28. Oktober 1996 | Focus Magazin | Filmkritiken, Rezension | Crash

Sex und Stahl im CRASH-Test

Die unterkühlte Erotik von Verkehrsunfällen: David Cronenberg läßt es krachen

Kalter Stahl und warmes Fleisch: Es beginnt mit einer Frau, die sich in einem Hangar an ein Flugzeug schmiegt und einem Fremden hingibt. Ihr Mann vergnügt sich derweil seinerseits mit einer anderen. Aber der Sex scheint seltsam seelenlos, eine Obsession, bei der das Herz kaum bei der Sache ist. So stehen sie kopulierend auf ihrem Balkon und blicken auf den Verkehr der verschlungenen Highways.

Eine Leere ist hier am Werk, die in immer wilderen Kicks Erfüllung suchen muß. Und Deborah Unger und James Spader spielen das Paar so blaß und blasiert, daß man von einer idealen Besetzung für diese Verfilmung eines Romans von J. G. Ballard sprechen muß.

Bei einem Frontalzusammenstoß, den der Mann kurz darauf verursacht, ist der Fahrer des anderen Wagens auf der Stelle tot, dessen Ehefrau (Holly Hunter) aber überlebt. Es entwickelt sich jedoch kein Drama um Schuld und Sühne, sondern eine erotische Beziehung, die wie ein bizarres Echo auf den Zusammenprall wirkt.

Die beiden Unfallopfer geraten immer weiter in den Sog der sexuellen Aufarbeitung ihres Crashs und begegnen dabei gleichgesinnten Freaks um einen abstrusen Wissenschaftler (Elias Koteas). Mit Videos von Unfällen befriedigen diese ihre Gelüste, delektieren sich an ihren Narben, Wunden und Brüchen und stellen unter Einsatz ihres Lebens berühmte Autounfälle nach: James Dean, Jayne Mansfield und Albert Camus. Sie träumen vom finalen Crash, von der Verschmelzung von Fleisch und Stahl, dem Höhepunkt ihrer erotischen Phantasien.

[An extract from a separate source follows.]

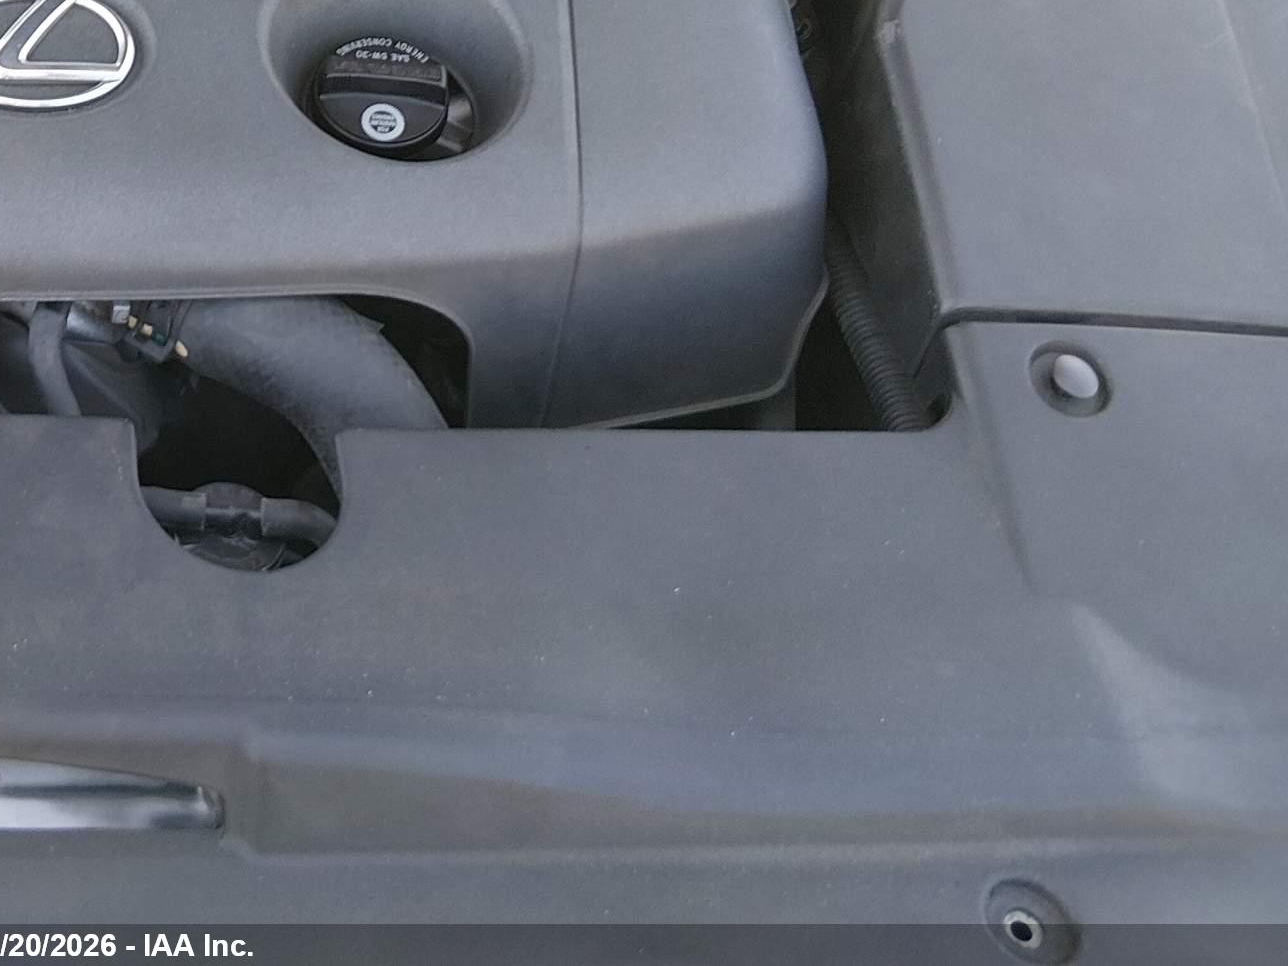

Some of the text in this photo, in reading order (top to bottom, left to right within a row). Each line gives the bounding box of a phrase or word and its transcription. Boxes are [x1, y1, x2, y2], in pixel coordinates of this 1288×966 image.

[335, 37, 430, 63] ENERGY CONSERVING
[392, 52, 410, 62] SAE

CRASH ist in seiner Fixierung auf Sex und Stahl geradezu enervierend, aber Regisseur David Cronenberg (DIE FLIEGE, DEAD RINGERS) gelingt es, aus der grausigen Banalität der Unfälle eine beinahe religiöse Erfahrung zu machen, in der die körperlichen Verunstaltungen als eine Art Fetisch zelebriert werden. Das hat den Kanadier schon immer von seinen Kollegen unterschieden: daß er die Konsequenzen des Schreckens mit einer Sympathie betrachtet, die über bloße Neugier weit hinausgeht.

Er träumt von einem neuen Menschen, der nicht nur psychisch auf die Veränderungen seiner Umwelt reagiert, sondern vor allem physisch. In seinem neuen Werk heißt das: „Umformung des menschlichen Körpers durch die moderne Technologie“. Und wenn am Ende seine CRASH-Helden in ihrem Blut liegen, dann ist das für Cronenberg durchaus eine Art Happy-End.